━━━ INFORMATION SHOWN

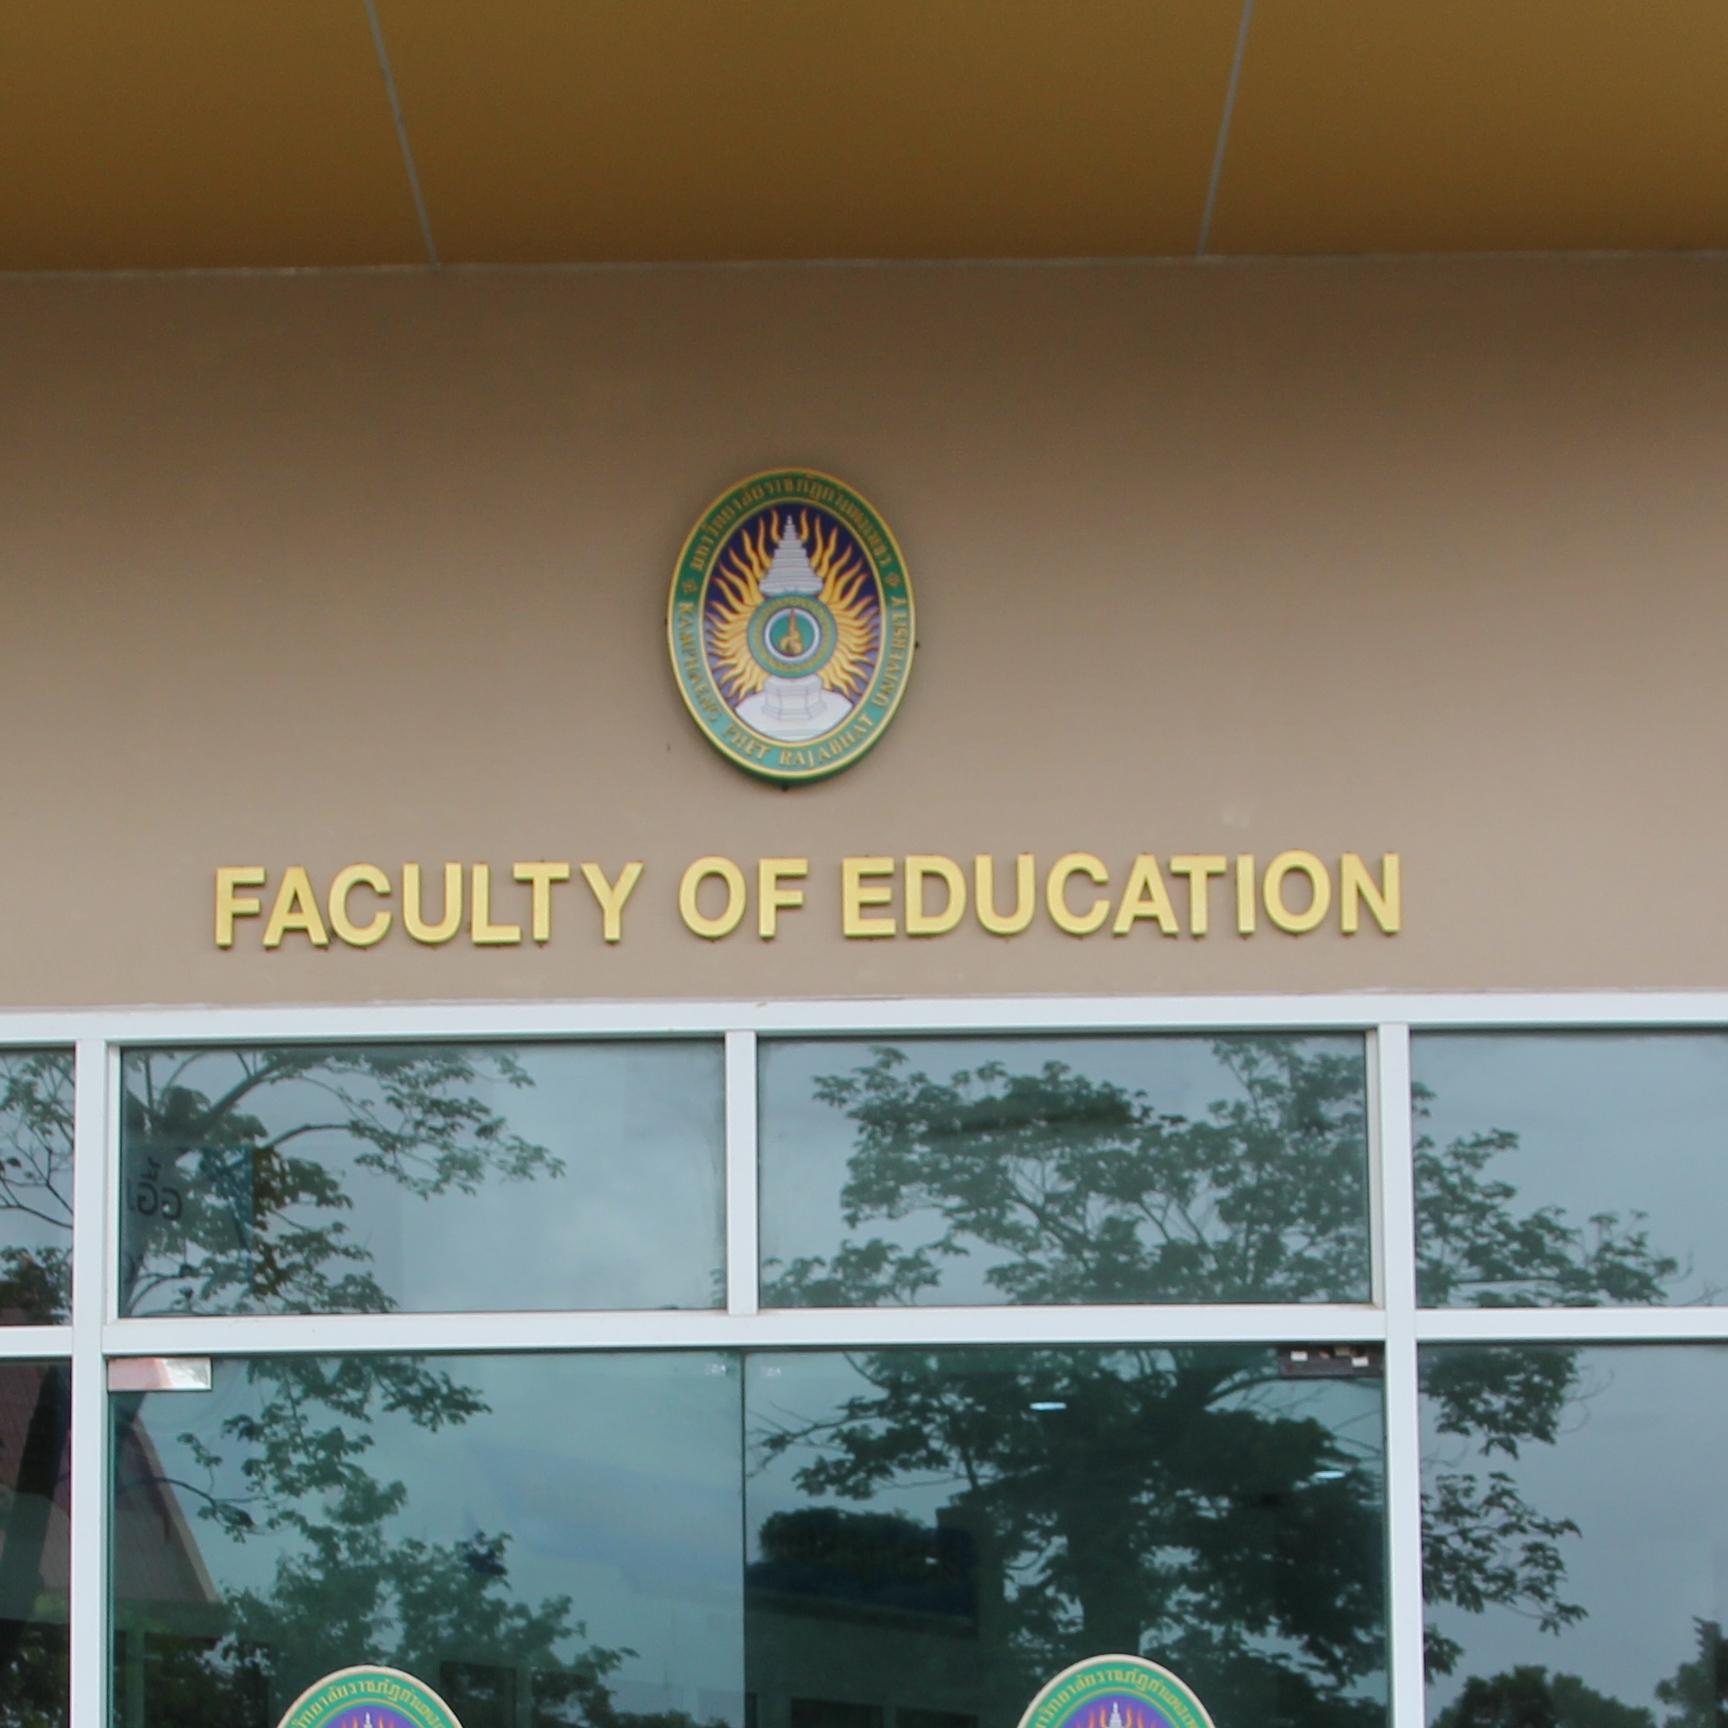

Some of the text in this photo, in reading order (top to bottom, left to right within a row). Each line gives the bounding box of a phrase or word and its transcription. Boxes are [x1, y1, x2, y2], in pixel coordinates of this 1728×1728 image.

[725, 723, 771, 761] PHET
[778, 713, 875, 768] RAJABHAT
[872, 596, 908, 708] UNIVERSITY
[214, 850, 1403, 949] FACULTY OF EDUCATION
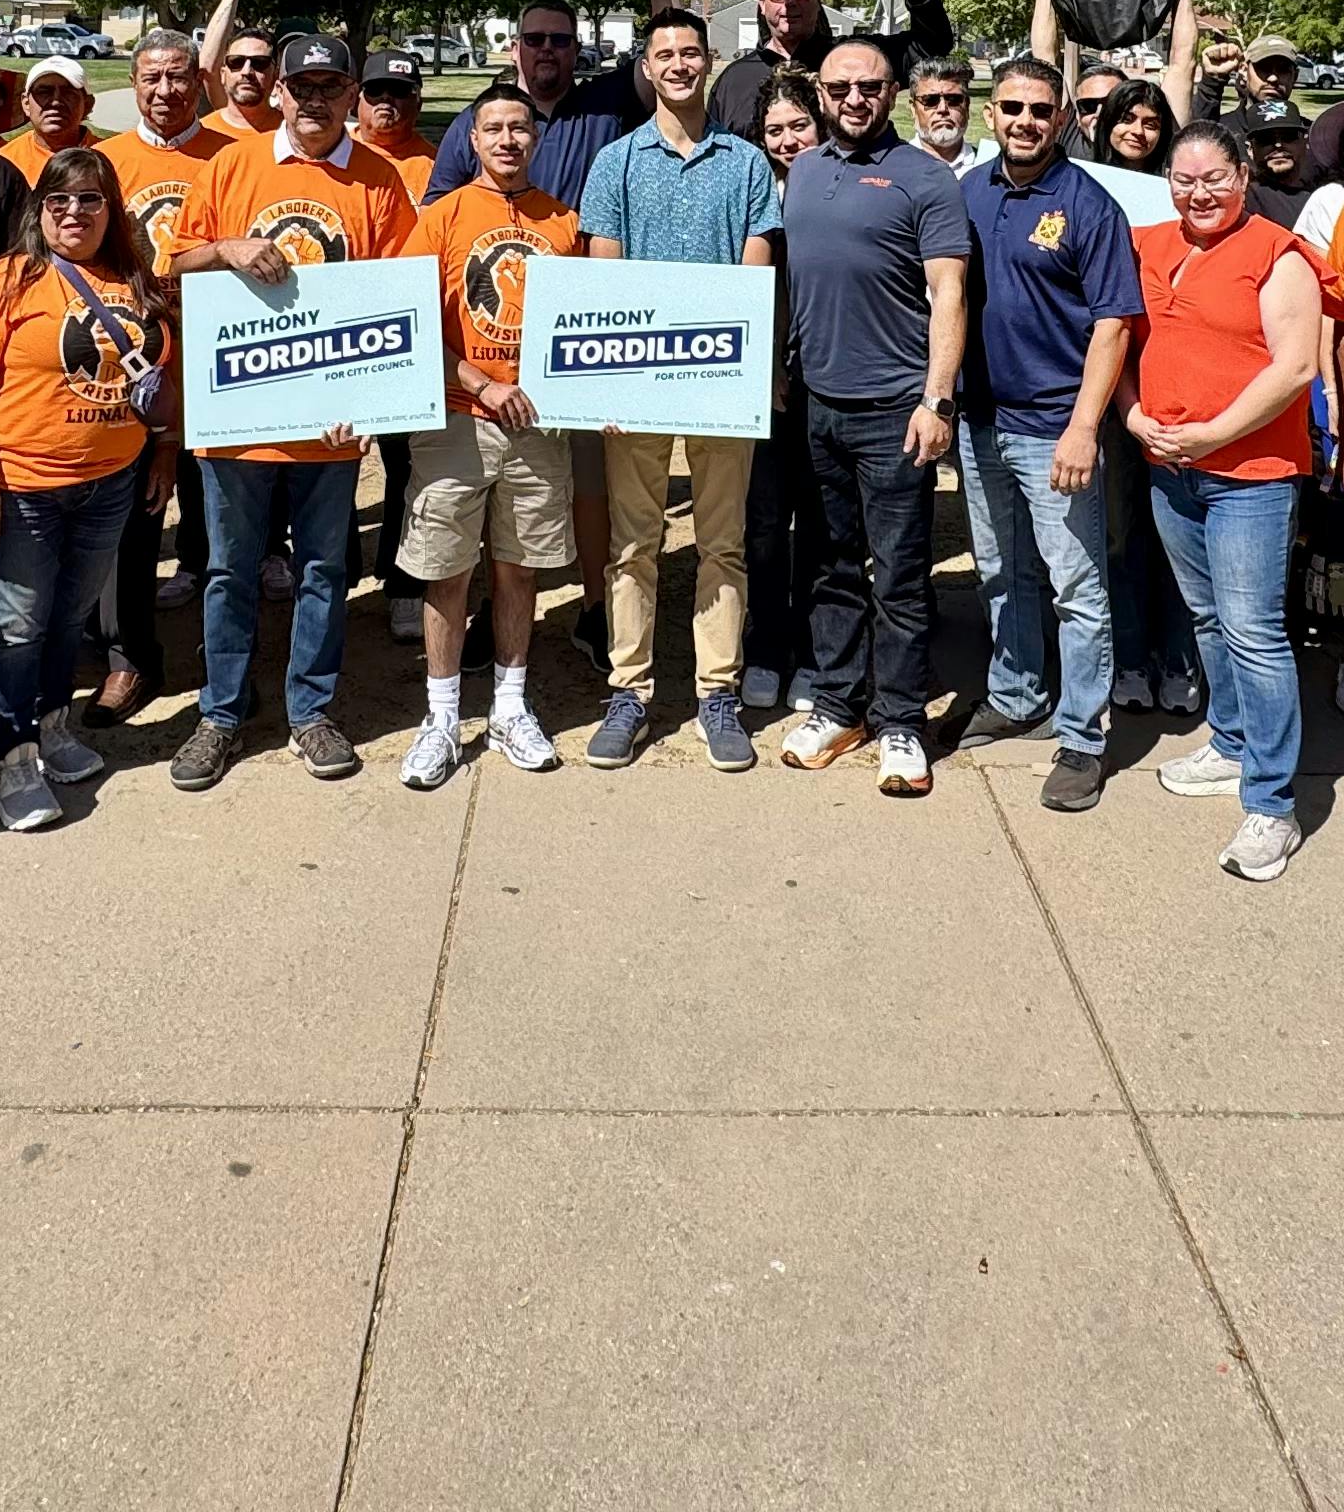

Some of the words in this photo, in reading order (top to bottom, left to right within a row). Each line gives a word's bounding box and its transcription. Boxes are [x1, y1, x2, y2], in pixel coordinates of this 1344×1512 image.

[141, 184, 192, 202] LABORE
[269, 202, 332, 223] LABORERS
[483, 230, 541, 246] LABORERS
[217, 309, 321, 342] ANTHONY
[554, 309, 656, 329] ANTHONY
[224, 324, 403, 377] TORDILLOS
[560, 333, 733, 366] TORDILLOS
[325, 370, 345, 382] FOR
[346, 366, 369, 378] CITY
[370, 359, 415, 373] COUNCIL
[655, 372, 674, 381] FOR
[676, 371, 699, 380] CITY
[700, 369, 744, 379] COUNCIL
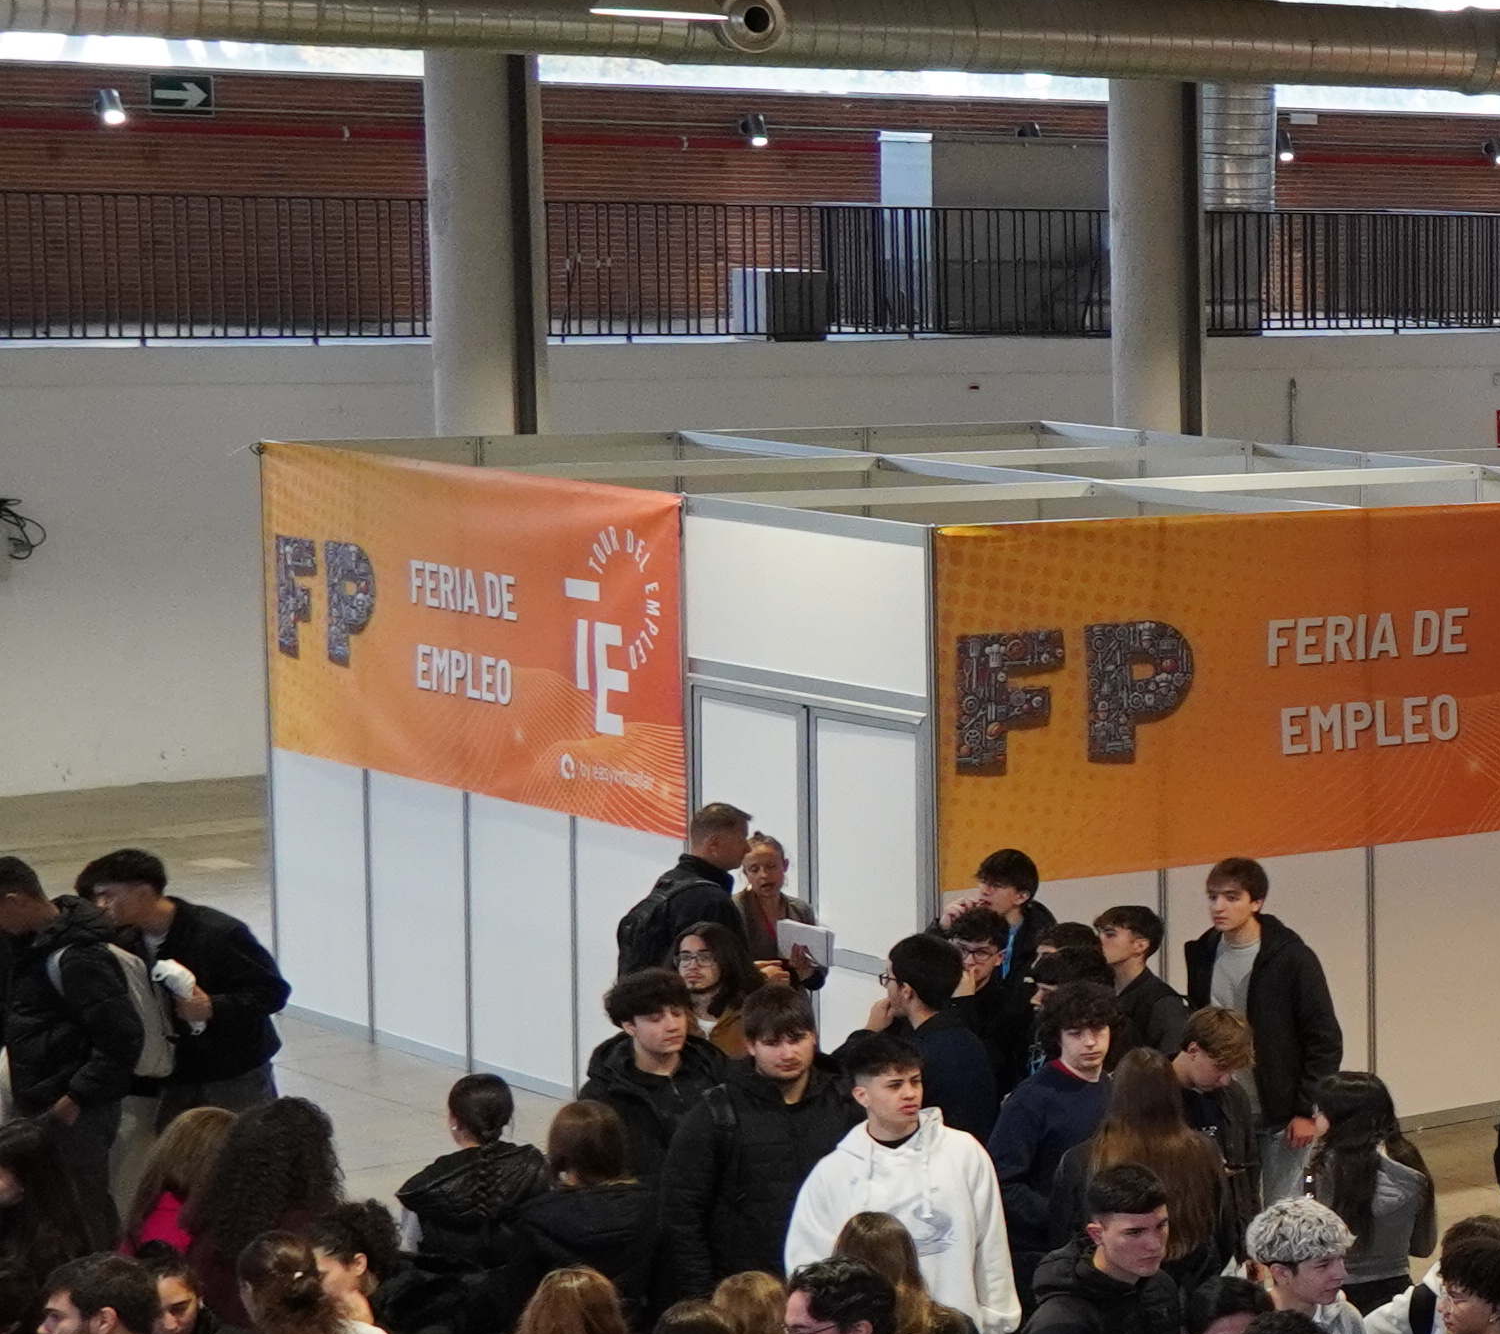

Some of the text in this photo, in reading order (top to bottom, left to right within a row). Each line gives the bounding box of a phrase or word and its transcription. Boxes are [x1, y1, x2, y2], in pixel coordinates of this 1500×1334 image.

━━━━━━

A verbatim copy of all the records, minus the pictures, is the expected answer.

**ANSWER BELOW:**
Some of the text in this photo, in reading order (top to bottom, left to right within a row). Each line gives the bounding box of a phrase or word and its transcription. Boxes are [x1, y1, x2, y2], in pixel coordinates of this 1728×1728 image.

[725, 723, 771, 761] PHET
[778, 713, 875, 768] RAJABHAT
[872, 596, 908, 708] UNIVERSITY
[214, 850, 1403, 949] FACULTY OF EDUCATION

Some of the words in this photo, in reading order (top to bottom, left to right within a row). Each line gives a word's bounding box and its transcription. Boxes are [x1, y1, x2, y2], in pixel coordinates of this 1344×1512 image.

[141, 184, 192, 202] LABORE
[269, 202, 332, 223] LABORERS
[483, 230, 541, 246] LABORERS
[217, 309, 321, 342] ANTHONY
[554, 309, 656, 329] ANTHONY
[224, 324, 403, 377] TORDILLOS
[560, 333, 733, 366] TORDILLOS
[325, 370, 345, 382] FOR
[346, 366, 369, 378] CITY
[370, 359, 415, 373] COUNCIL
[655, 372, 674, 381] FOR
[676, 371, 699, 380] CITY
[700, 369, 744, 379] COUNCIL

Some of the text in this photo, in reading order (top to bottom, left to right within a row). Each line gives the bounding box of a phrase or word and its transcription. Boxes are [x1, y1, x2, y2], in pixel coordinates of this 1500×1334 image.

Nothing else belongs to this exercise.